A former GM director, prudently anonymous, called it “the biggest fiasco in automotive history since Ford brought out the Edsel.”
Lafley & Martin’s verdict:
The folks running Saturn aspired to participate in the US small-car segment with younger buyers. By contrast, Toyota, Honda, and Nissan all aspired to win in that segment. Guess what happened? Toyota, Honda, and Nissan all aimed for the top, making the hard strategic choices and substantial investments required to win. GM, through Saturn, aimed to play and invested to that much lower standard. Initially Saturn did OK [but] GM couldn’t and wouldn’t keep up. Saturn died, not because it made bad cars, but because its aspirations were simply too modest to keep it alive.
I’m sure you can add other examples of businesses you’ve seen in action, or, not to put too much of a point on it, colleagues who want to win vs. those who want to participate. Years ago I read a profile of David Boies, when his star was riding high, which told the unforgettable if possibly embroidered tale of a fellow lawyer who was flagging in a trial prep war room around 2:00 am. Boies’ pithy challenge? “Do you want to sleep, or do you want to win?”
Factual or not, truth.
So your firm, as Saturn and as Boies’ partner, has a choice to make. To play, or to win?
A speculation on why playing not to lose might be so apparently widespread in Law Land.
A simplistic but sometimes accurate-enough approximation of a law firm’s strategy is to calculate it as an aggregation of its partners’ individual career strategies. This actually serves quite well as a description where the partners elevate their own self-interest above that of the firm. In that type of culture, partners’ individual preferences for the trajectory of their own lifestyles and careers prevail. Certainly it constitutes an outright rejection of the “one-firm firm” aspiration.
So what do those preferences tend to look like?
Highly risk-averse. Playing to win requires, demands, taking risks. By definition, doing what every other firm is doing will not make you a winner; it will make you mediocre. Winners do things differently. But not every iconoclastic move works.
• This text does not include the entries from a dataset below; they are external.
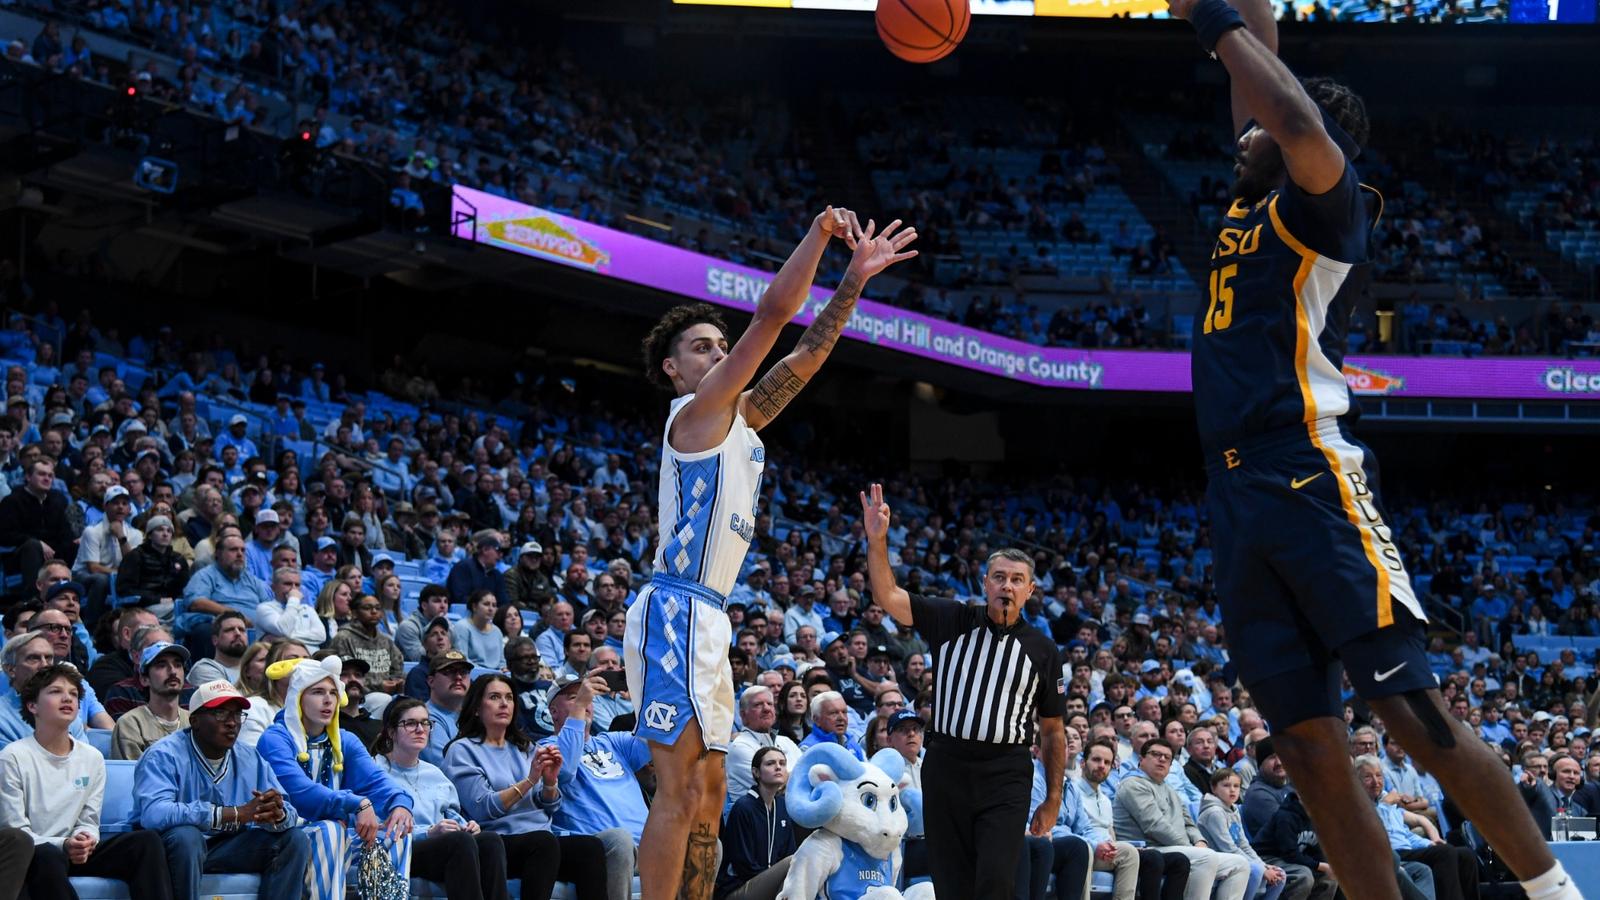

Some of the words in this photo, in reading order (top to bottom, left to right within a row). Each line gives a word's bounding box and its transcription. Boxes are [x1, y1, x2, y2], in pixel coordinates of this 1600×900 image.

[1211, 223, 1263, 259] SU
[1203, 263, 1238, 335] 15
[849, 306, 899, 342] hapel
[902, 322, 931, 348] Hill
[933, 334, 964, 358] and
[967, 340, 1026, 374] Orange
[1028, 356, 1101, 385] County
[1223, 448, 1242, 470] E
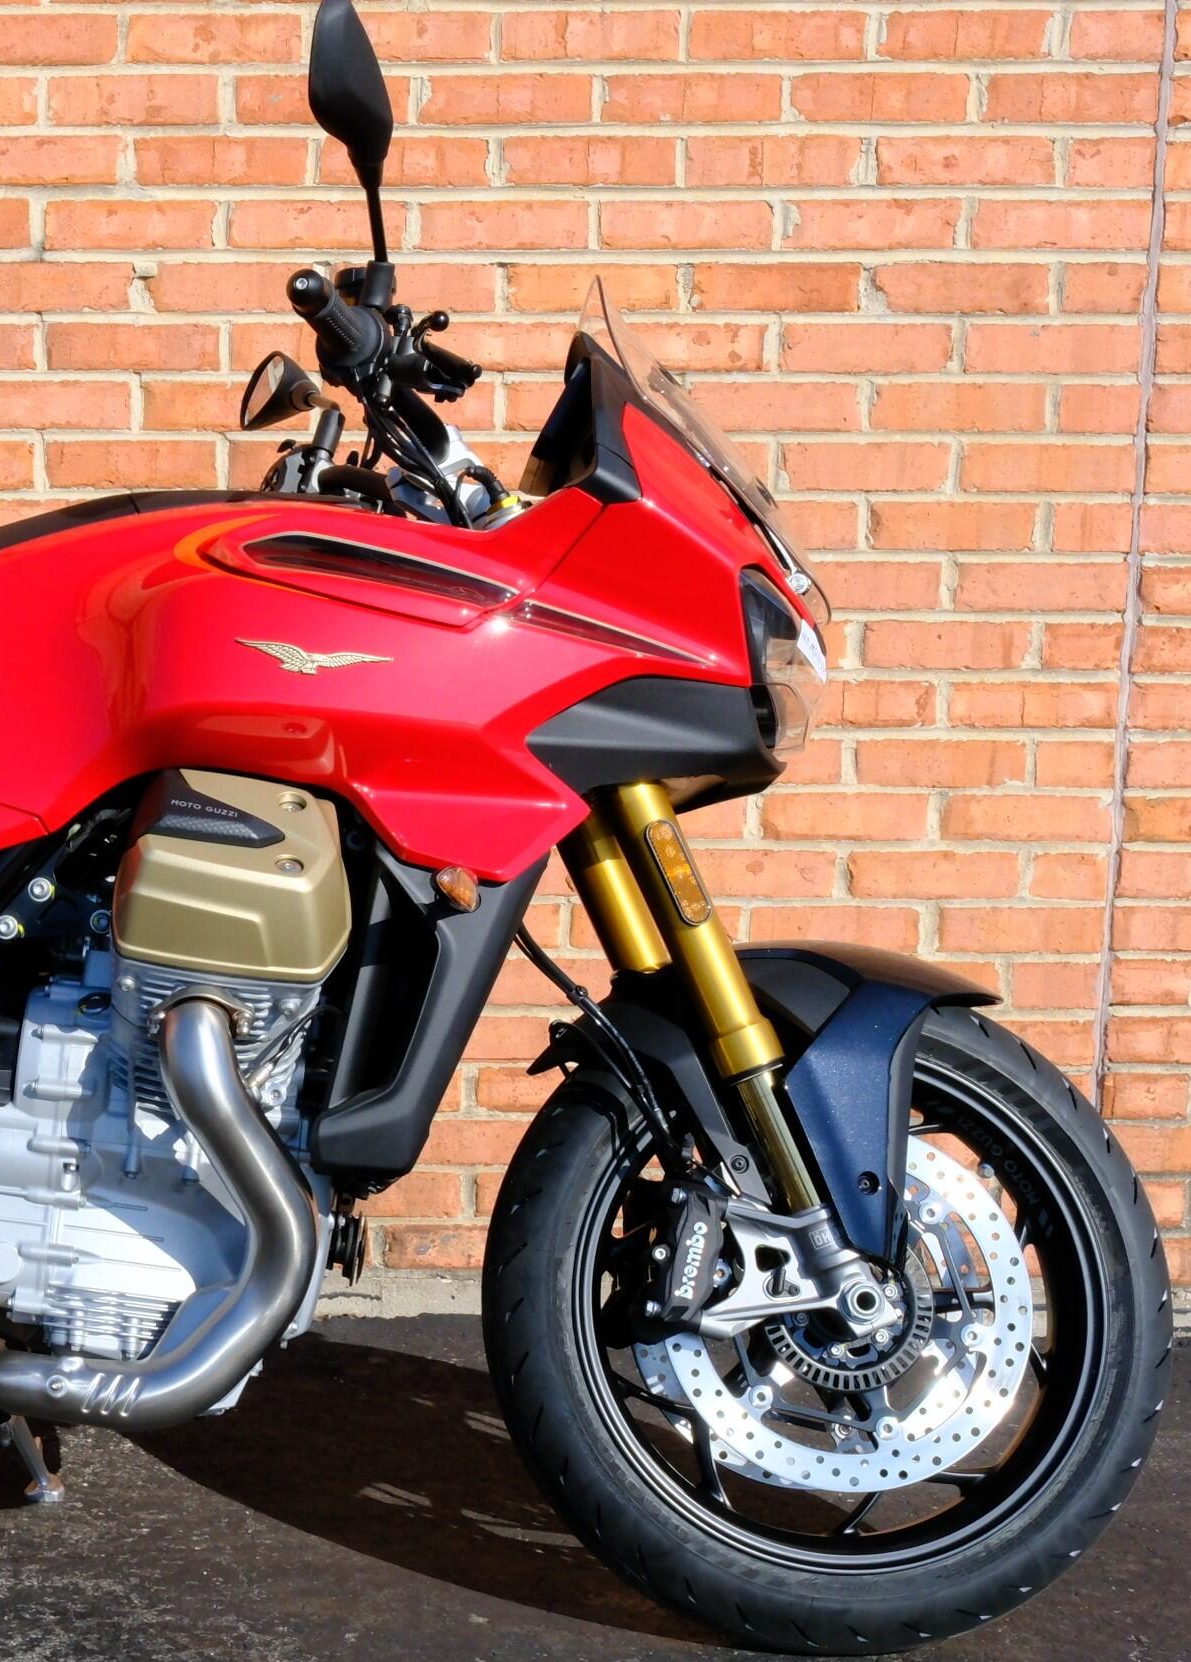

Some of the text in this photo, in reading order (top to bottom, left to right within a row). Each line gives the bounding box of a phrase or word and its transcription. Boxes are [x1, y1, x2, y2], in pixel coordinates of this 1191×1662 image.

[170, 799, 239, 818] MOTO GUZZI
[1003, 1159, 1041, 1206] MOTO
[674, 1221, 708, 1300] brembo
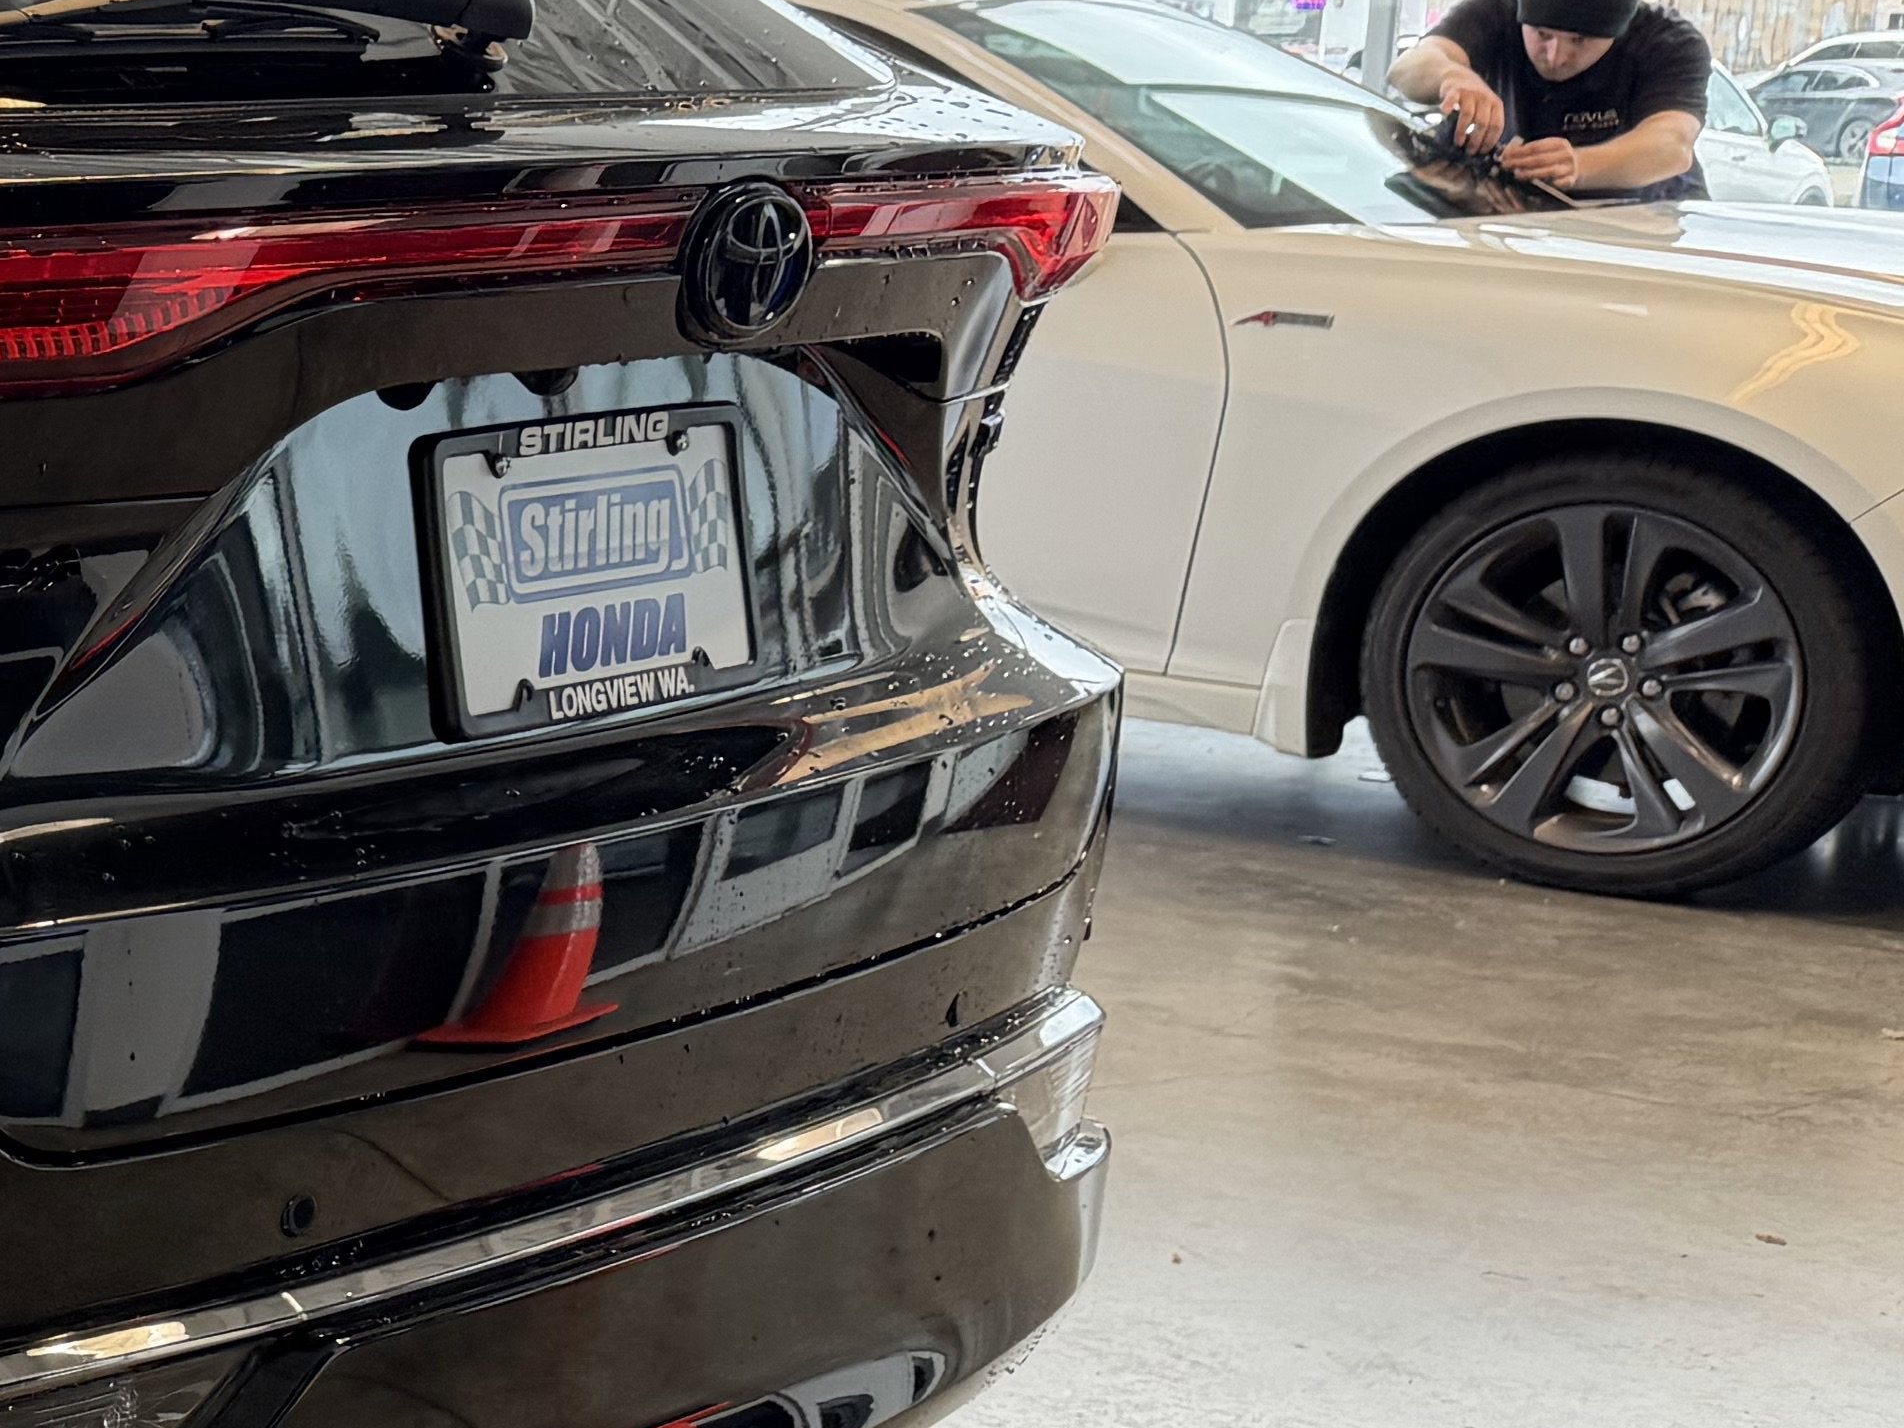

So the cost/benefit in the partners’ minds might look something like this. (Understand this takes place at a subconscious level for all but the most self-aware; either way, it’s powerful.)
- If we play not to lose, life is good. Life is safe. I’m happy with my lifestyle. I feel I fit in here or I would have left a long time ago. I can run my client accounts as I wish and people aren’t going to bother me. I may not get rich but that’s why I’m a law firm partner and not an investment banker.
- If we play to win and actually win, I might see a small single-digit percentage gain in my compensation annually–and that could be much more volatile. Plus, my world will be one of higher pressure, more competitive colleagues, greater demands, and the unknown. (I might not even be able to cut it!–[really really subconscious].)
- If we play to win and lose, then what? I’m probably out on the sidewalk and looking somewhat tarnished. NFW!
Speculative, as I said. But the phenomenon of firms playing-not-to-lose strikes us as widespread. Maybe that’s why we’ve never seen greater segmentation in the industry, in every market segment, at every size tranche, in every geographic market, and in every niche and sub-niche. Firms with genuinely ambitious aspirations, who courageously stick to it in the face of partners whose own career planning preferences may differ–in other words, firms who are playing to win and not just to be on the field–are rare.